Talk:Motivation and emotion/Book/About/Collaborative authoring using wiki
A similar but distinctly different proposal
edit@Jtneill: I was thinking about the problem of hesitancy on the part of students to learn how to write on a wiki. Writing gets complicated when equations, images, and graphs are involved. Some instructors might prefer to integrate Google Drive and Wikiversity, giving students the option of posting their work on Google Drive. Wikiversity would a "community center" that links all documents together, and where ideas are shared using simple wikitext. The freedom to write on other platforms might encourage people to take "baby steps" towards active participation on a WMF wiki. My effort is at a much more primitive stage than yours, and I would appreciate your feedback. See Wikiversity:Rootsub Essay. I also created an experimental wiki I just created on Google Drive called WikiGooCity. The wiki doesn't do much except demonstrate that Google Drive and Wikiversity can support links to each other.-- Guy vandegrift (discuss • contribs) 19:09, 1 January 2023 (UTC)

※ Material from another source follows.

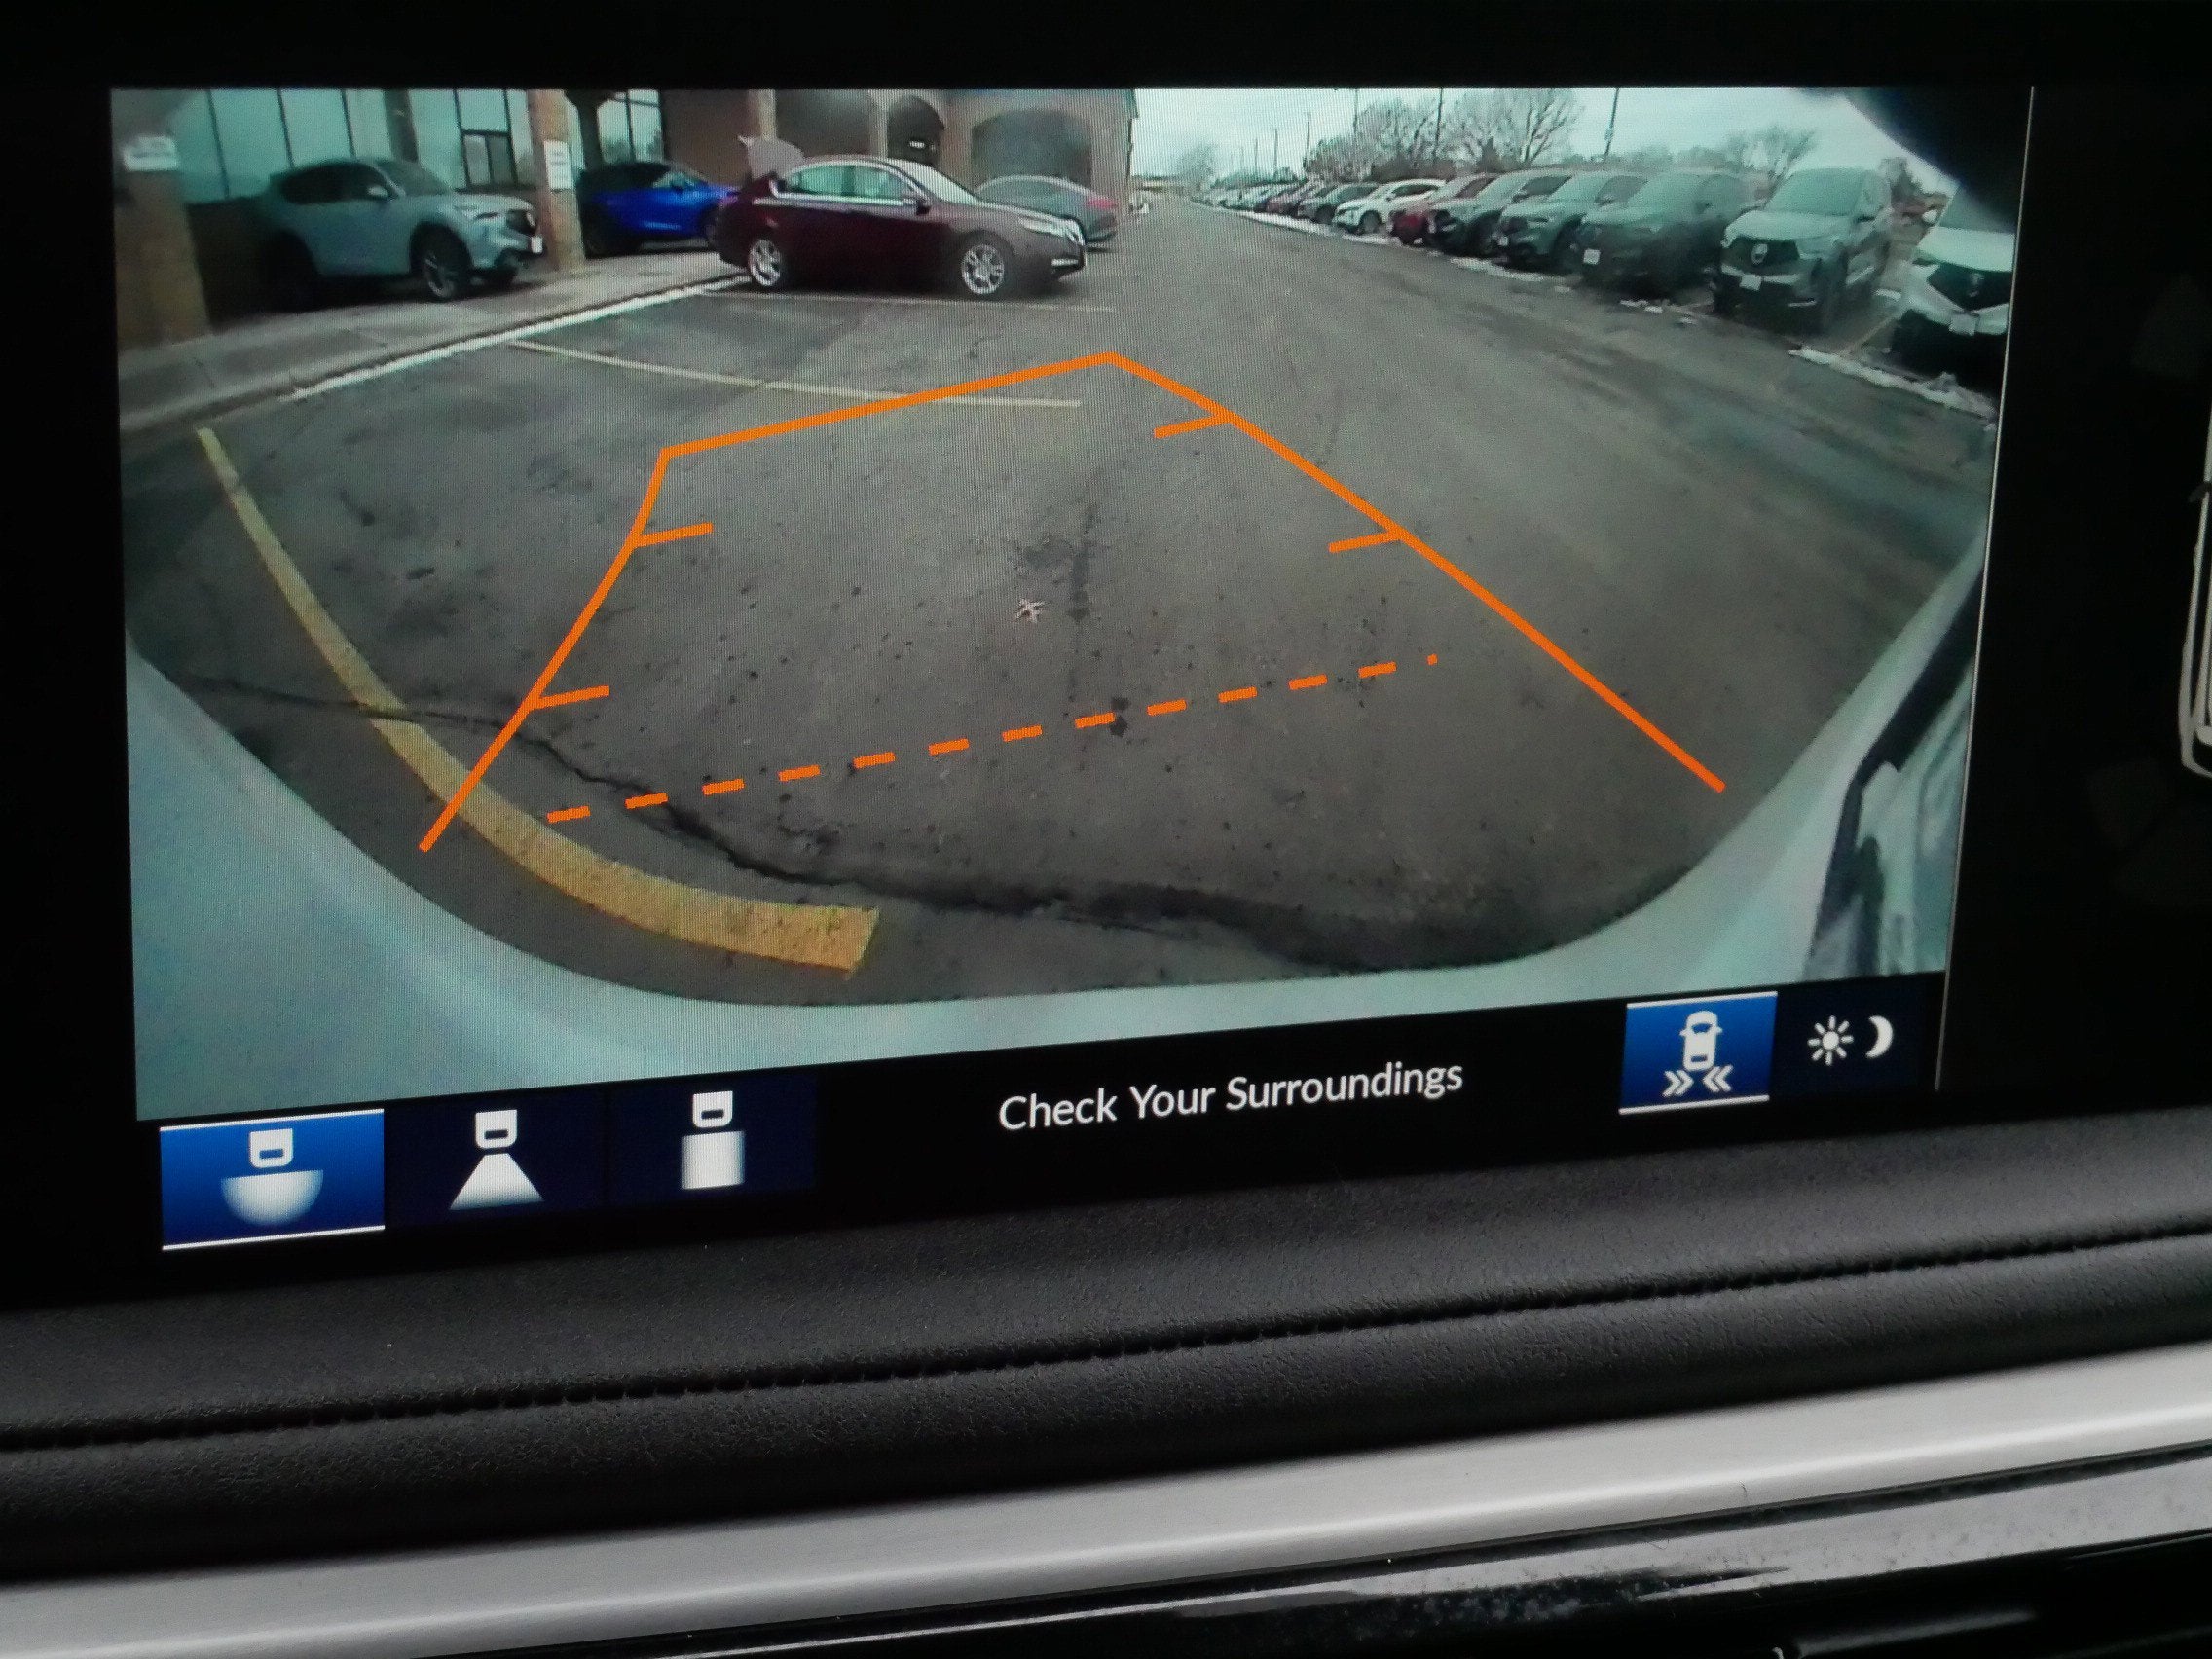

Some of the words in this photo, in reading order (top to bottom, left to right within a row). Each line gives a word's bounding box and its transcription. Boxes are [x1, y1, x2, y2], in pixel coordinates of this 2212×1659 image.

- Hi @Guy vandegrift:, sorry I missed this comment earlier. In short, I agree. Some scaffolded training steps (e.g., using a wiki within a learning management system, using Google Drive, etc.) also make sense for developing collaborative writing skills and providing useful outputs. I've added this statement to the article: "Collaborative online authoring projects can, in theory, use any server-based content management software platform." although the article necessarily concentrates on a Wikiversity case study. Appreciate your thoughts and experiments. Sincerely, James -- Jtneill - Talk - c 23:25, 16 January 2023 (UTC)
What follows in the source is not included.